L'agence européenne de gardes-frontières et gardes-côtes Frontex s'affranchit-elle de tout contrôle ? Le Monde a consulté et dévoilé le 5 février 2021 une enquête de la chaîne publique allemande ZDF et de l’ONG Corporate Europe Observatory (CEO), mettant en cause ses liens supposés avec l’industrie de la surveillance et de l’armement.
Selon le quotidien, des dizaines de documents «démontrent des infractions aux règles des institutions européennes sur le lobbying». En 2018 et 2019, «91 des 125 lobbyistes reçus par Frontex (soit 72%) n’étaient pas inscrits au registre européen de la transparence, comme le veulent pourtant les règles fixées pour les institutions de l’UE».
Frontex est une organisation destinée à grandir avec un budget en hausse constante (5,6 milliards prévus pour 2021-2027) afin de gérer les frontières extérieures de l'espace Schengen. Ses effectifs doivent par ailleurs progressivement augmenter, avec 10 000 agents à l'horizon 2027.
Un véritable corps armé dont le but assigné est de lutter contre les différents trafics et l'immigration illégale sur le sol européen. Pour assurer ses missions, Frontex doit notamment passer des commandes pour du matériel et équipement : «armes, radars, drones, systèmes de vérification des documents et de reconnaissance faciale, véhicules, avions», comme le précise Le Monde.
Frontex au centre de plusieurs enquêtes
Dirigé par le Français Fabrice Leggeri, Frontex est en outre mis en cause pour son «absence quasi complète de préoccupation pour le respect des droits humains», n'ayant par exemple «presque jamais consulté le Forum des droits fondamentaux».
En ce sens, l'agence européenne a été pointée du doigt en octobre 2020 dans une enquête de plusieurs médias, dont Der Spiegel, l'accusant d'être impliquée avec les gardes-côtes grecs dans des incidents de refoulements de bateaux de demandeurs d'asile de Grèce vers la Turquie. Une pratique illégale, en violation du droit à l'asile. En effet, les actions de Frontex auraient empêché les demandeurs d'asile de demander le statut de réfugié et, si elles sont pratiquées sans discernement contre un groupe de migrants, peuvent constituer un «pushback», un «refoulement» illégal. Le conseil d'administration de Frontex, composé de représentants d'Etats membres et de la Commission européenne, a mis en place un groupe de travail chargé d'enquêter sur le dossier, qui a donné aux dirigeants jusqu'au 26 février pour fournir des informations supplémentaires.
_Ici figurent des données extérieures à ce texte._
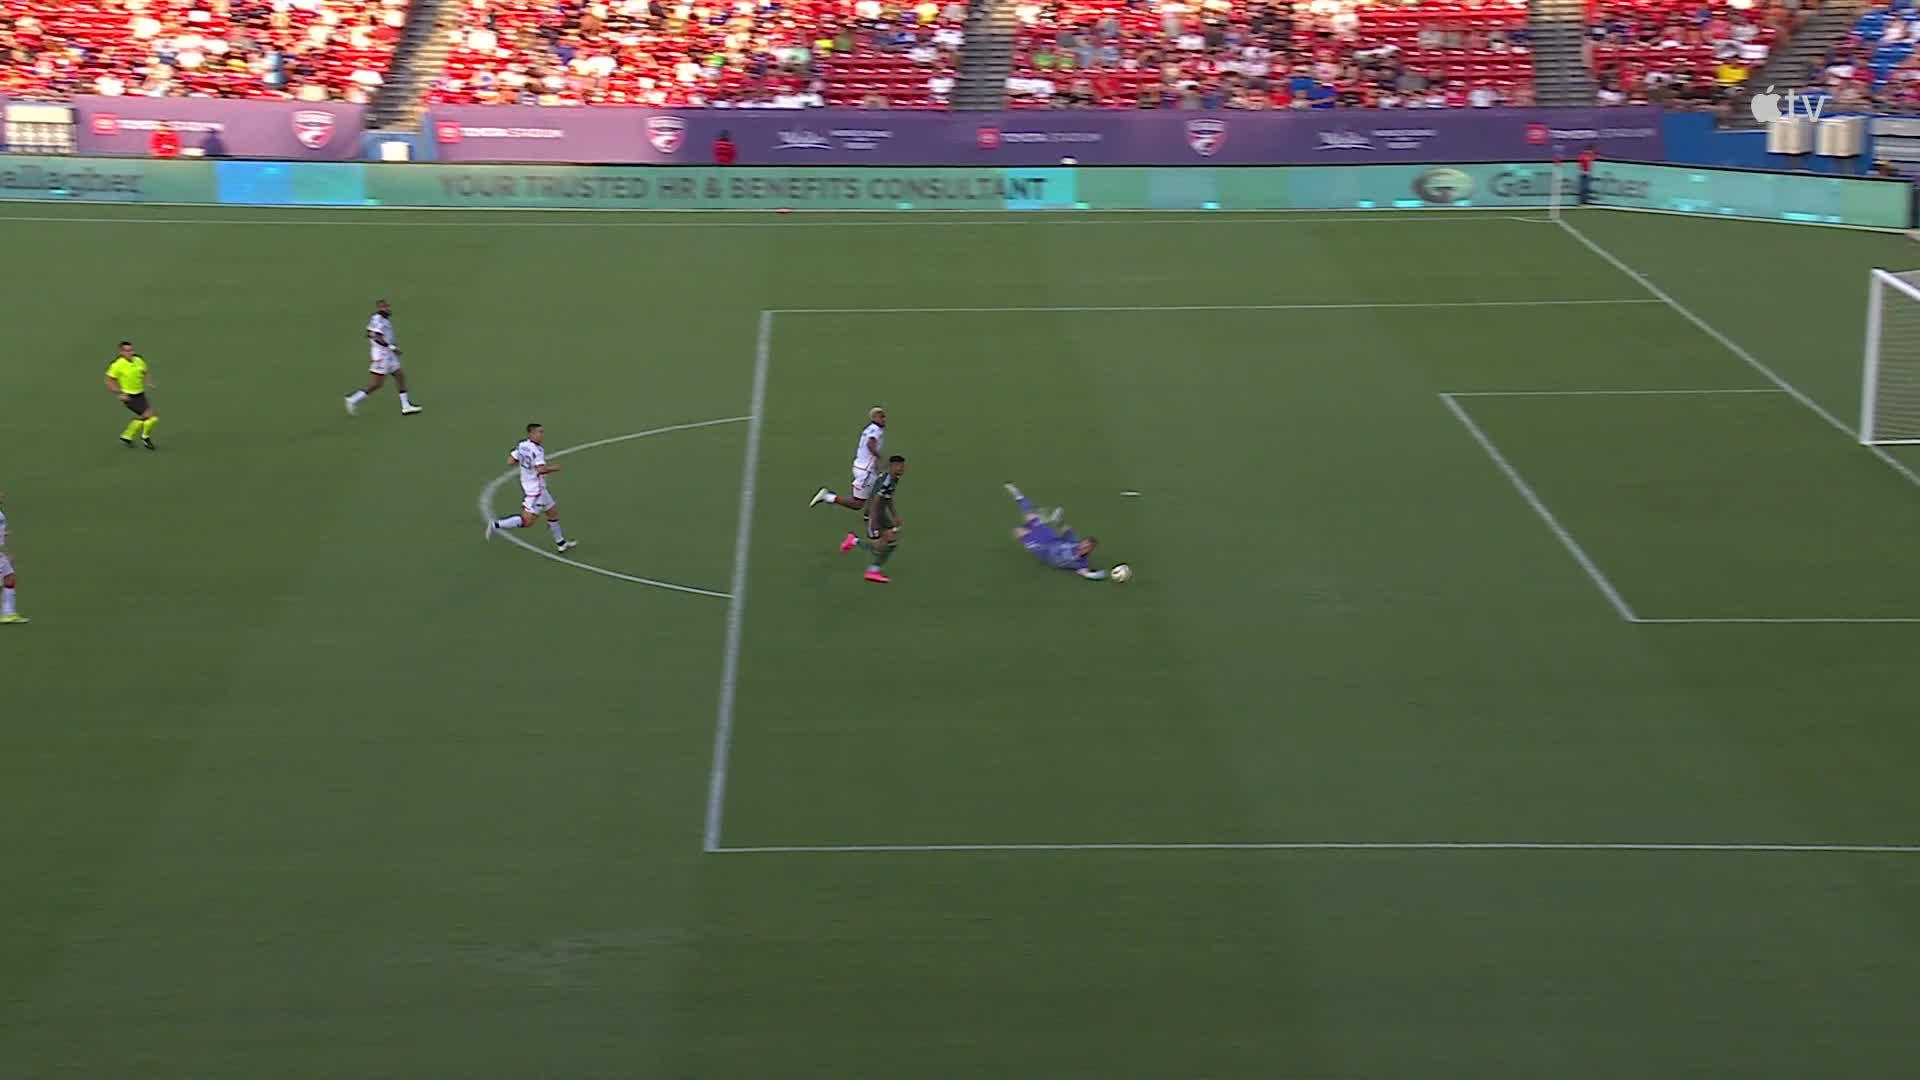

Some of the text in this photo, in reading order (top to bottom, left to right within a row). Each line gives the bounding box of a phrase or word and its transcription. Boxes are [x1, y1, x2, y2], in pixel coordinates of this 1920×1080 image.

[439, 175, 1047, 200] YOUR TRUSTED HR & BENEFITS CONSULTANT
Un nouveau conseil d'administration est prévu début mars.
Selon des informations du quotidien français Libération, du magazine allemand Der Spiegel et du média d'investigation Lighthouse Reports publiées le 5 février, une enquête du gendarme européen antifraude Olaf a en outre donné lieu en décembre à une perquisition au siège de l'agence basée à Varsovie, portant aussi sur des accusations de fraude et de harcèlement envers des membres du personnel.
Selon ces médias, qui informent avoir eu accès à des documents internes, les enquêteurs examinent entre autres un contrat passé avec un prestataire informatique polonais, qui serait entaché d'irrégularités.